▶ [Exercise objective] Your reply should reproduce the data below without a single alteration, apart from dropping the images.

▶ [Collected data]
»»
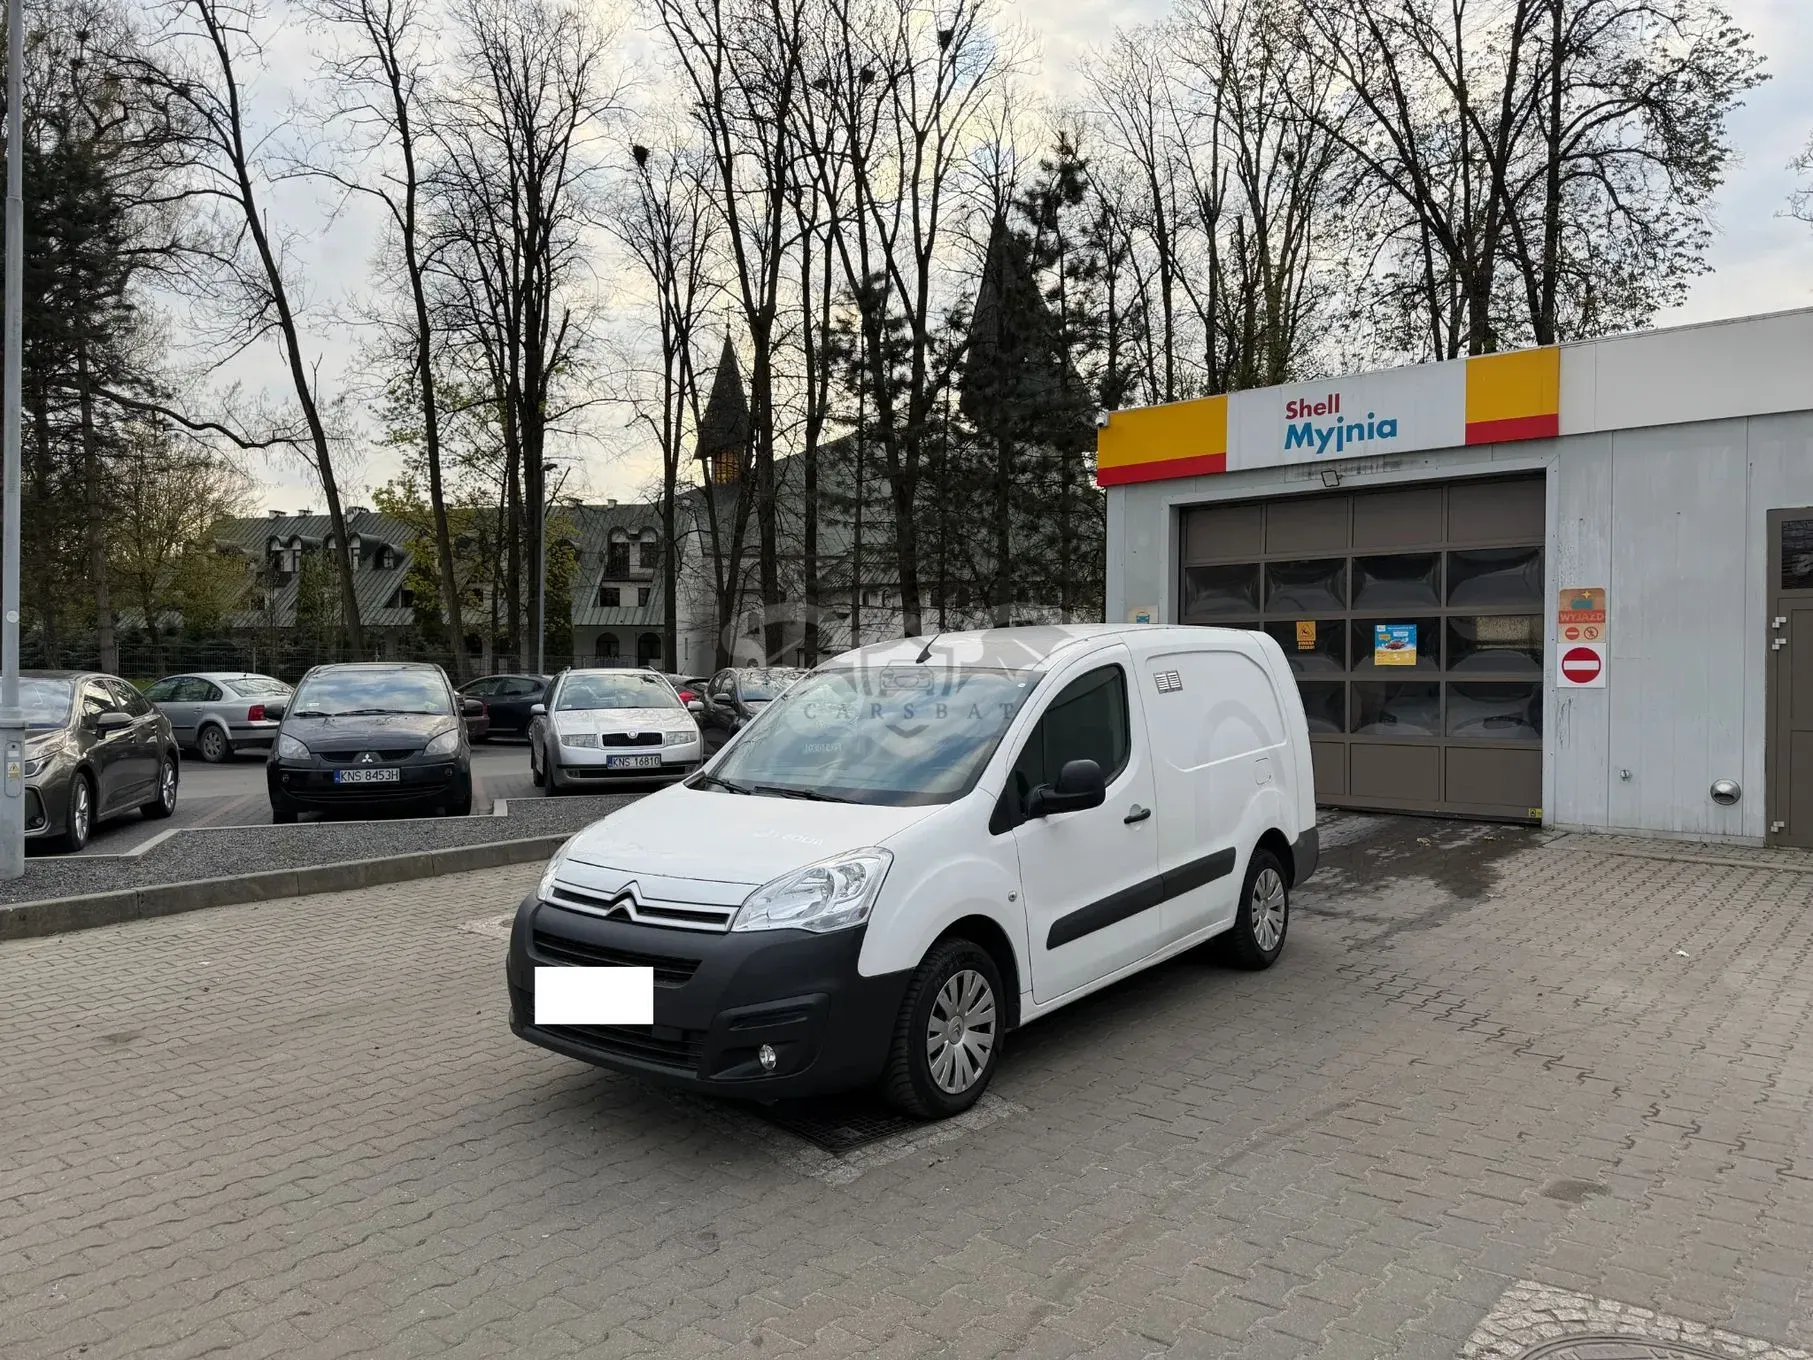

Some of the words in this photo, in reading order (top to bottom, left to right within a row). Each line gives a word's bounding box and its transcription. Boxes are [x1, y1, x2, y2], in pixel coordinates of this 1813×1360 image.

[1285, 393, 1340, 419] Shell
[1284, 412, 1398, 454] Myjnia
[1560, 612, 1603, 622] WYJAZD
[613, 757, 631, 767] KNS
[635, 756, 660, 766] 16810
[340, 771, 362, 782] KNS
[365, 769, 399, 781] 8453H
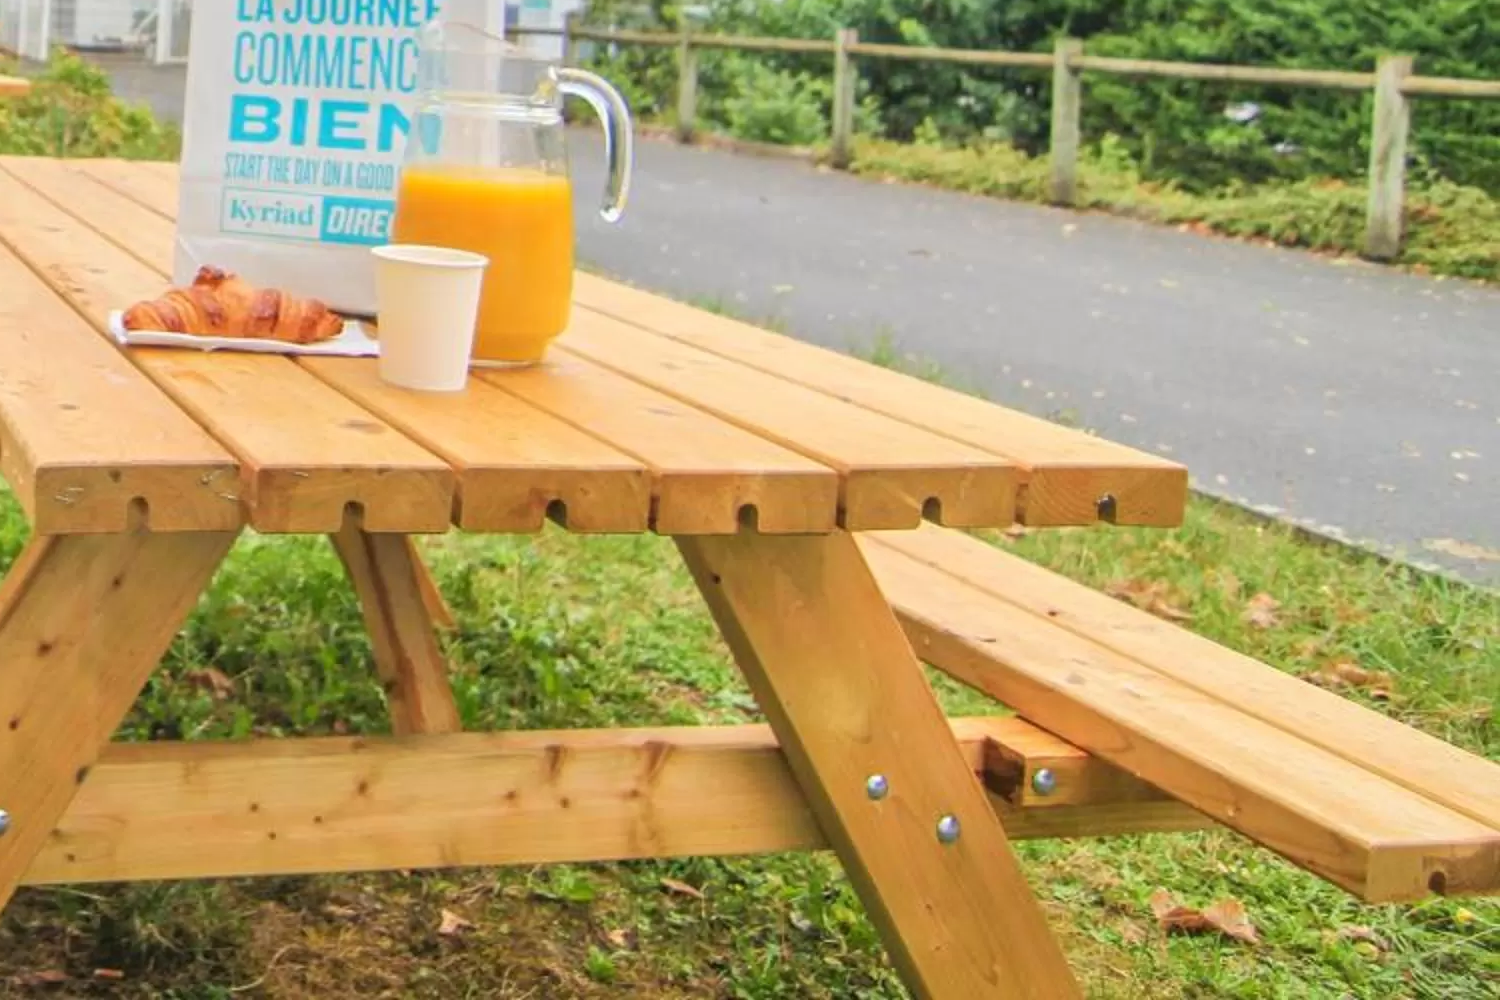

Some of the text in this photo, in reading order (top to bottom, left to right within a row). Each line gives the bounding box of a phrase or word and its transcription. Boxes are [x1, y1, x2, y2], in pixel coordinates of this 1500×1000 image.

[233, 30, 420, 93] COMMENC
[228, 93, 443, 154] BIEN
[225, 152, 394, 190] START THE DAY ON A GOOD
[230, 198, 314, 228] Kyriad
««
▶ [The completed task]
Some of the words in this photo, in reading order (top to bottom, left to right within a row). Each line gives a word's bounding box and its transcription. Boxes are [x1, y1, x2, y2], in pixel coordinates of this 1813×1360 image.

[1285, 393, 1340, 419] Shell
[1284, 412, 1398, 454] Myjnia
[1560, 612, 1603, 622] WYJAZD
[613, 757, 631, 767] KNS
[635, 756, 660, 766] 16810
[340, 771, 362, 782] KNS
[365, 769, 399, 781] 8453H

Some of the text in this photo, in reading order (top to bottom, left to right within a row). Each line gives the bounding box of a phrase or word and its transcription. Boxes are [x1, y1, x2, y2], in pixel coordinates of this 1500×1000 image.

[233, 30, 420, 93] COMMENC
[228, 93, 443, 154] BIEN
[225, 152, 394, 190] START THE DAY ON A GOOD
[230, 198, 314, 228] Kyriad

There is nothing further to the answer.